• [Work to be completed]: Print the data verbatim. Leave every image out.

[Available records — start]

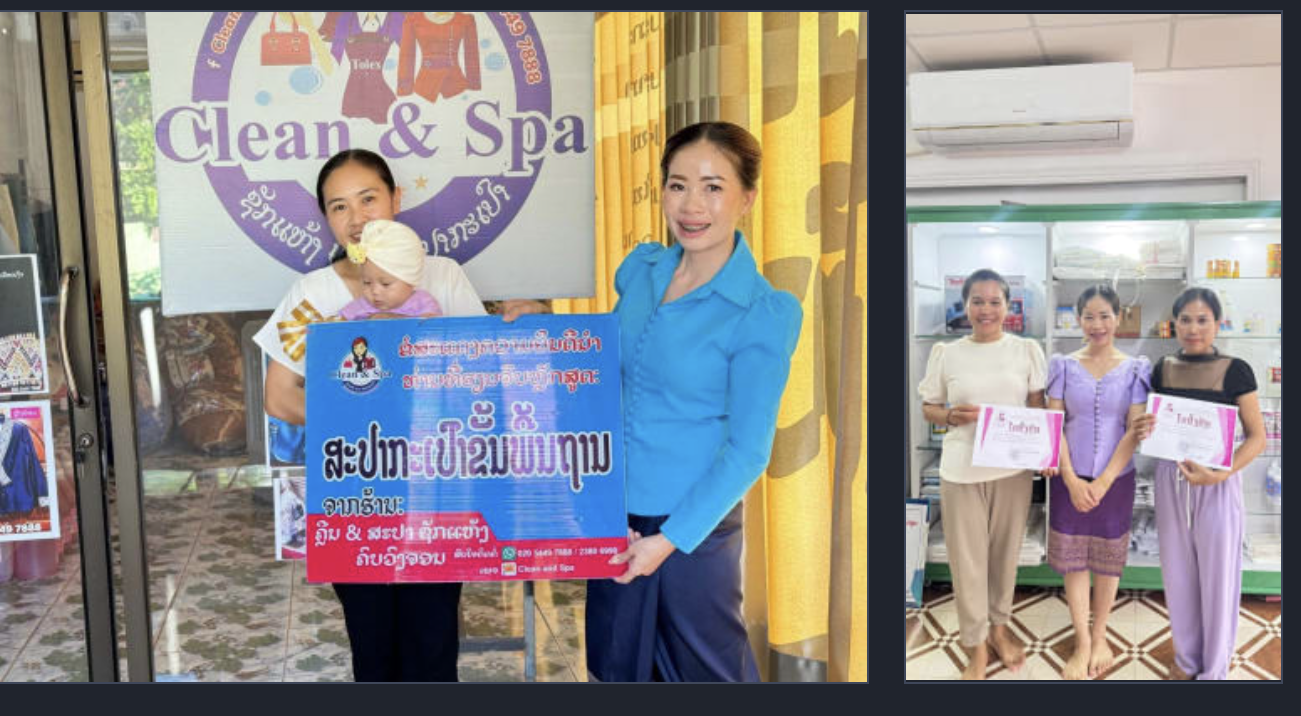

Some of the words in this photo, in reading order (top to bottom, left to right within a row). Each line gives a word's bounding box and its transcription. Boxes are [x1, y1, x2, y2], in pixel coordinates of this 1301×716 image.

[516, 35, 542, 84] 7888
[155, 105, 354, 163] Clean
[378, 101, 439, 159] &
[465, 99, 589, 173] Spa
[346, 524, 363, 542] &
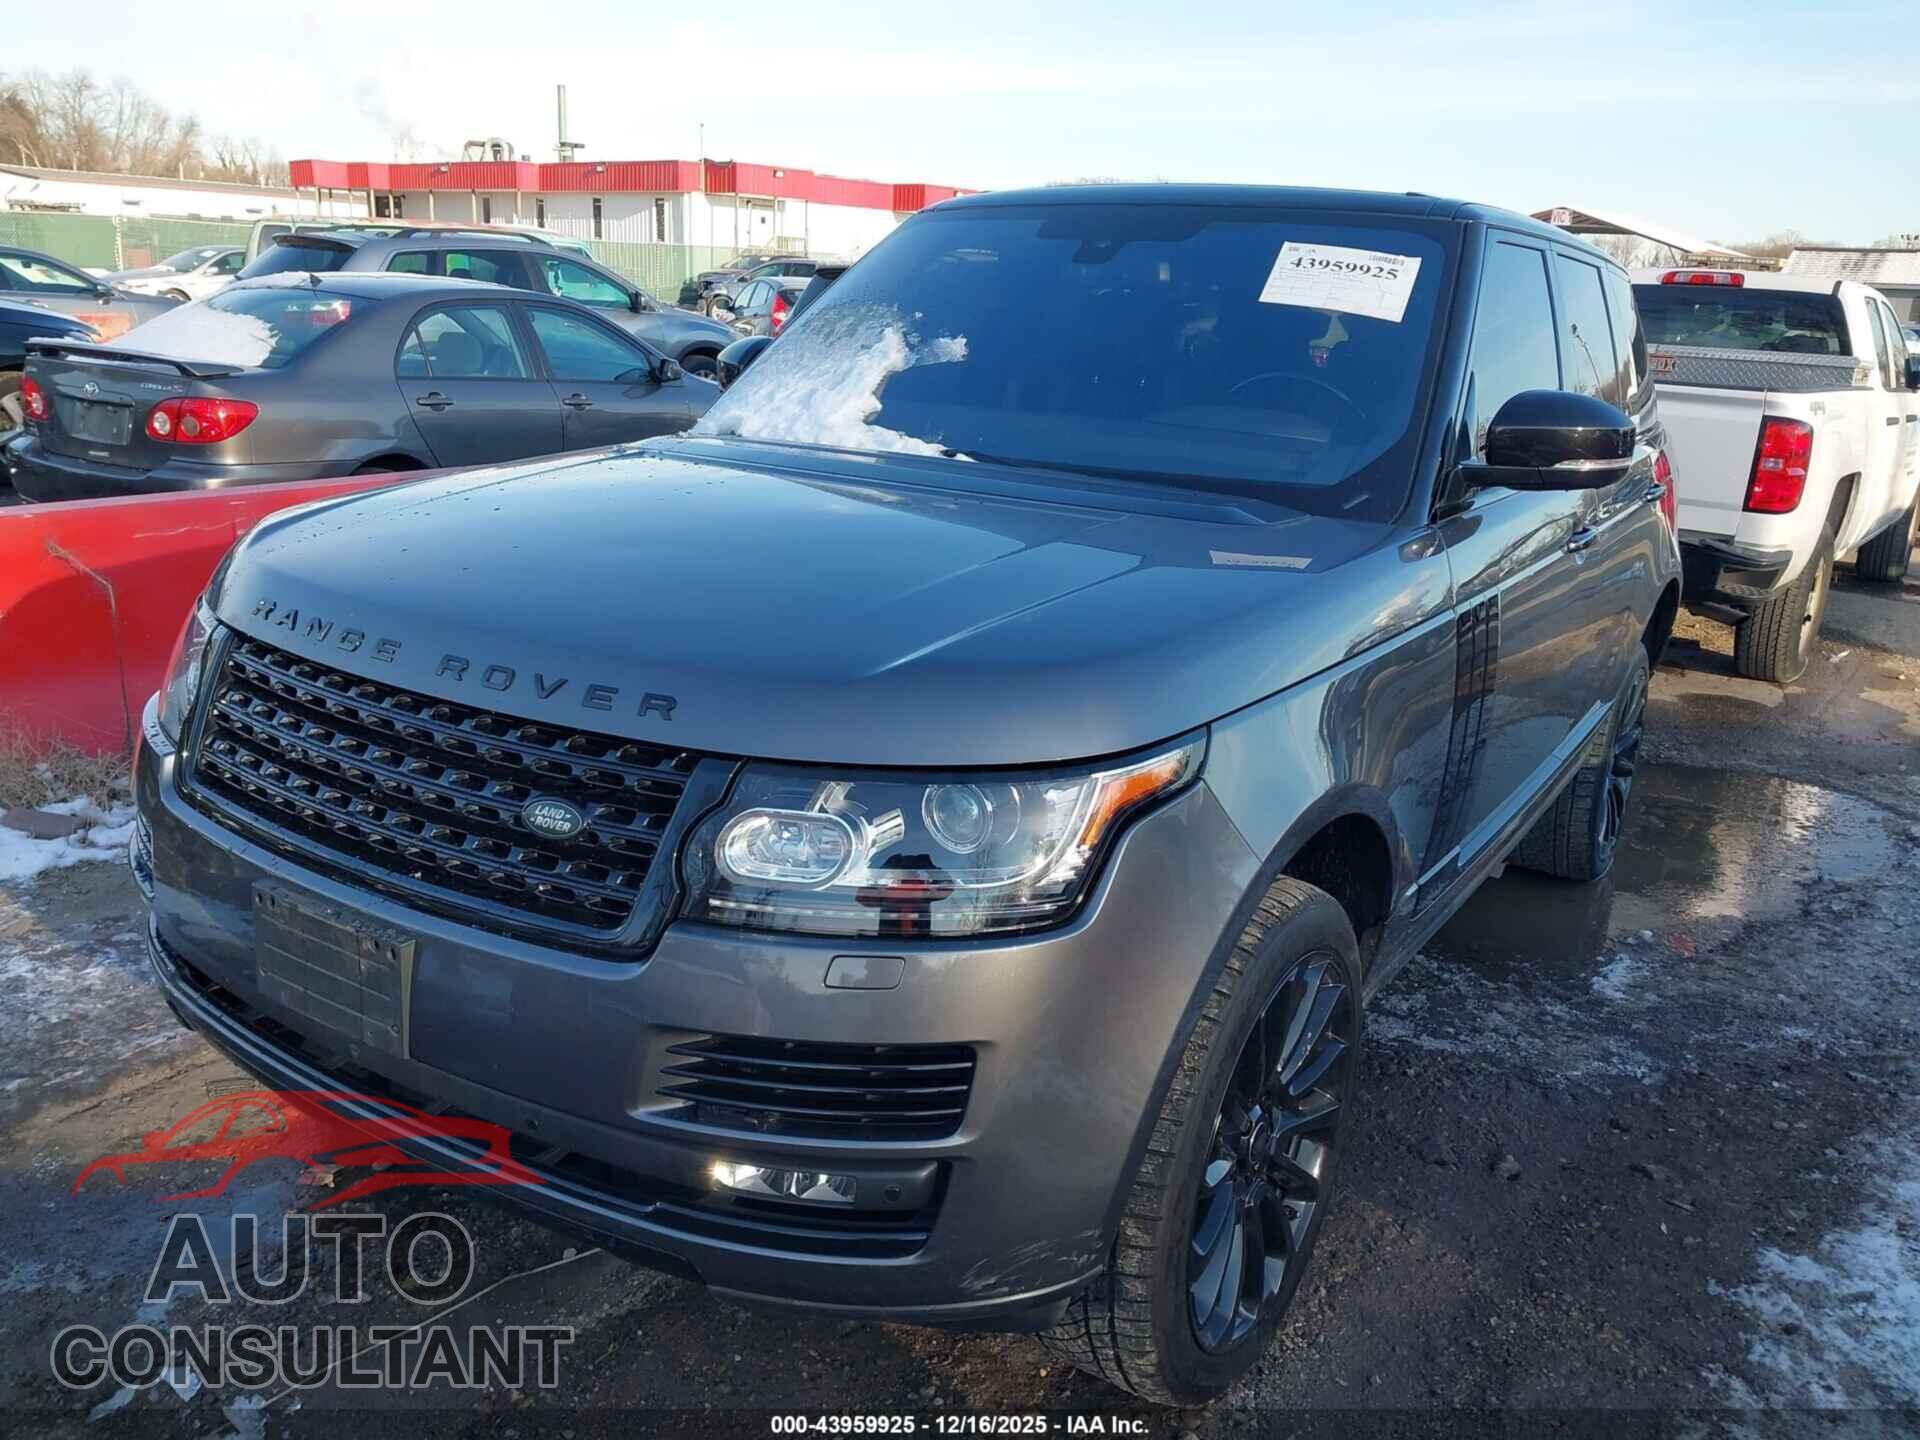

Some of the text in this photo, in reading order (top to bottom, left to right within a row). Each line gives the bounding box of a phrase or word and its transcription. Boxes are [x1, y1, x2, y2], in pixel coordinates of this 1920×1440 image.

[Available records — finish]

• [Response]:
Some of the words in this photo, in reading order (top to bottom, left to right within a row). Each line gives a word's bounding box and its transcription. Boxes are [x1, y1, x2, y2], in pixel coordinates of this 1301×716 image.

[516, 35, 542, 84] 7888
[155, 105, 354, 163] Clean
[378, 101, 439, 159] &
[465, 99, 589, 173] Spa
[346, 524, 363, 542] &

Some of the text in this photo, in reading order (top to bottom, left to right within a row). Each line gives the bounding box of a phrase or word and its transcription. Boxes are [x1, y1, x2, y2], in pixel coordinates of this 1920×1440 image.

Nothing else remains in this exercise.